Entre los deportes que se
practicaban y practican en las universidades de Estados Unidos, uno de los más
populares y brutales era el fútbol americano. José Martí tuvo oportunidad de
presenciar algunos partidos en los que el encono convertía estos encuentros en
batallas campales por la fuerte rivalidad, más allá del terreno de deportivo en
el que se pone en juego el honor y el prestigio del jugador y de la institución
que representa.
Narró para la posteridad el juego tradicional
de las universidades de Yale y Princeton, que dirimían año tras año al
iniciarse el curso la supremacía deportiva. Esta tirantez derivaba en
violencia, tanto en la cancha como en las graderías, por lo que aquellos juegos
llamados a contribuir a la formación de la joven generación, terminaban en una
irracional confrontación.
Juego hecho a la medida de aquella nación
joven y ruda, el rubby simboliza como ningún otro deporte a ese país.
En noviembre de 1884 José Martí envía a Buenos
Aires esta hermosa y épica crónica donde describe la batalla campal en la que
se convirtió el juego anual entre las universidades, Princeton y Yale:
“...Dicen
que el juego ha sido horrible.
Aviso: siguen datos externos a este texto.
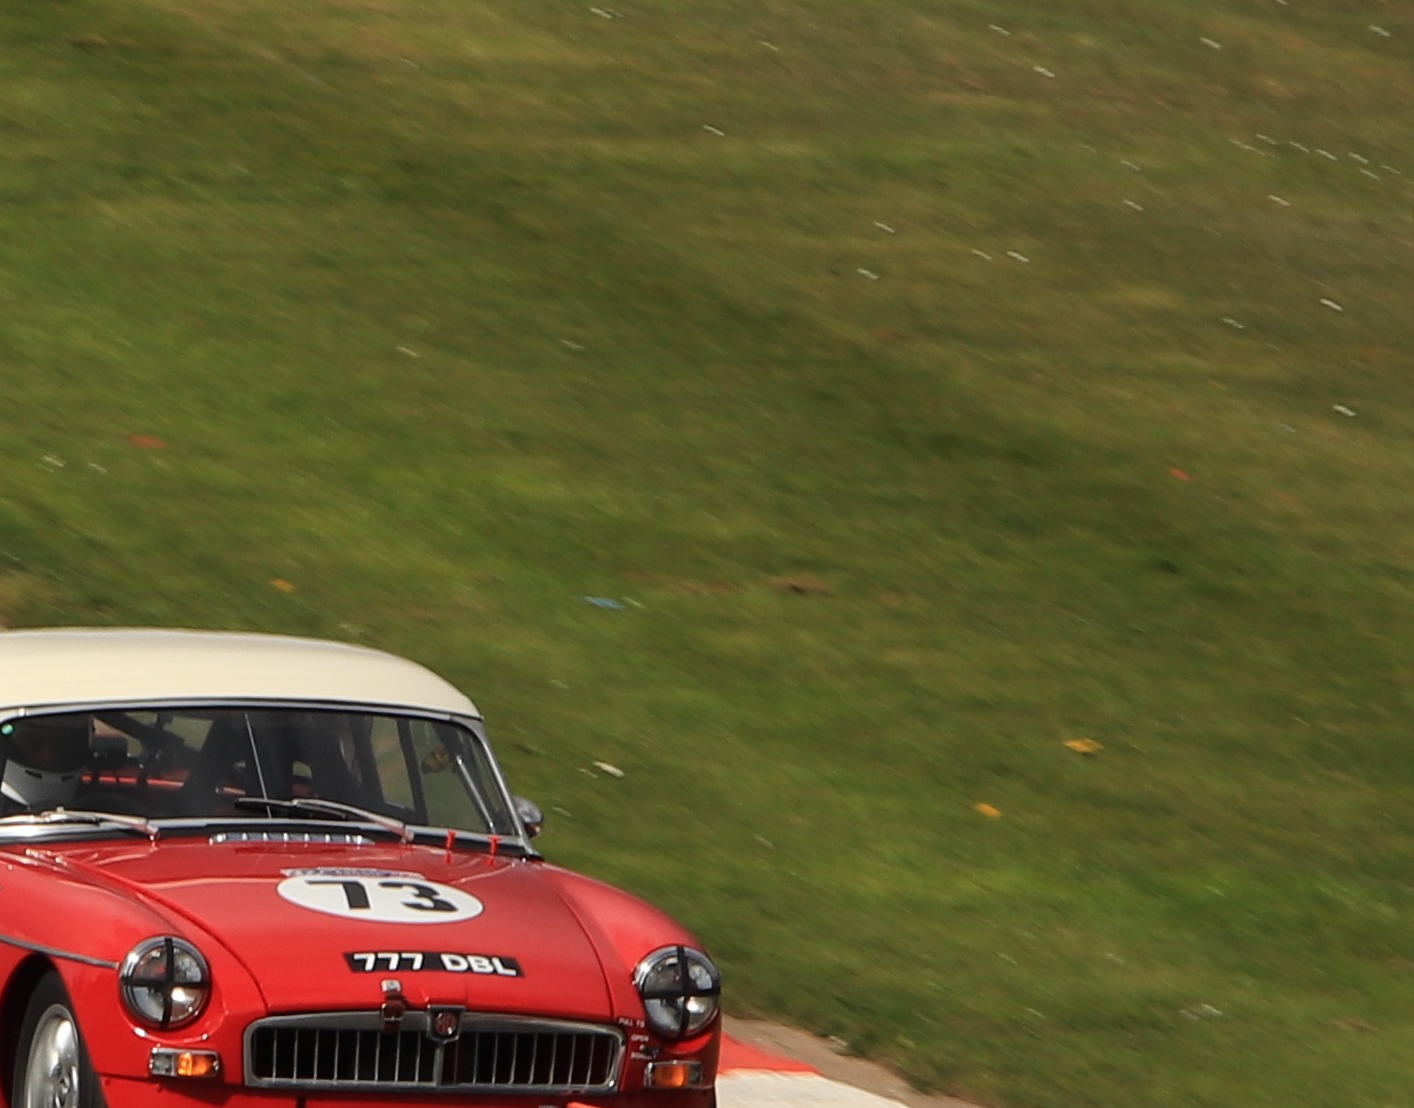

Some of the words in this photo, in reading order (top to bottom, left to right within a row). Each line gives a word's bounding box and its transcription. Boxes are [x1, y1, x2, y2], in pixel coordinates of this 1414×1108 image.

Era una arena abierta, como en Roma. Luchaban
como Oxford y Cambrigge en Inglaterra, los dos colegios afamados, Yale y Princeton...
Naranja era el color de Yale y el de Princeton azul...El cielo sombrío como no
queriendo ver...Los gigantes entrando en el circo, con la muerte en los ojos,
llevan el traje de juego: chaqueta de cañamazo, calzón corto, zapatilla de
suela de goma: ¡Todo estaba a los pocos momentos tinto en la sangre propia o en
la ajena!”[1]
El párrafo que sigue es una joya de la
narración deportiva, llena de toda la emotividad de lo que ocurre en el
terreno, con las palabras adecuadas y el dramatismo creciente hasta el
desenlace final:
“Los de
un bando se proponen entrar a punta de pie la bola en el campo hostil: y los de
este deben resistirlo, y volver la bola al campo vecino. Este pega: aquel acude
a impedir que la bola entre: uno se echa sobre la bola...: los diez, los
veinte, todos los del juego, trenzados los miembros como los luchadores del
circo, batallan a puño, a pie, a rodilla, a diente...Y cuando se apartan del
montón el infeliz capitán del Yale, caída la mandíbula, apretados los dientes,
lívido y horrendo, se arrastra por la arena hecha lodo... Si el día no
acabase, no cesaría. Yale vence.”[2]
Tras la conmoción del partido el Apóstol
reflexiona: “El lucimiento mental se
desdeña, y se enaltece el brío del músculo”[3]
Era su modo de mostrarnos la rudeza de una
sociedad en la que la espiritualidad y la nobleza eran en muchas ocasiones
opacadas por la fuerza del músculo y el éxito a toda costa.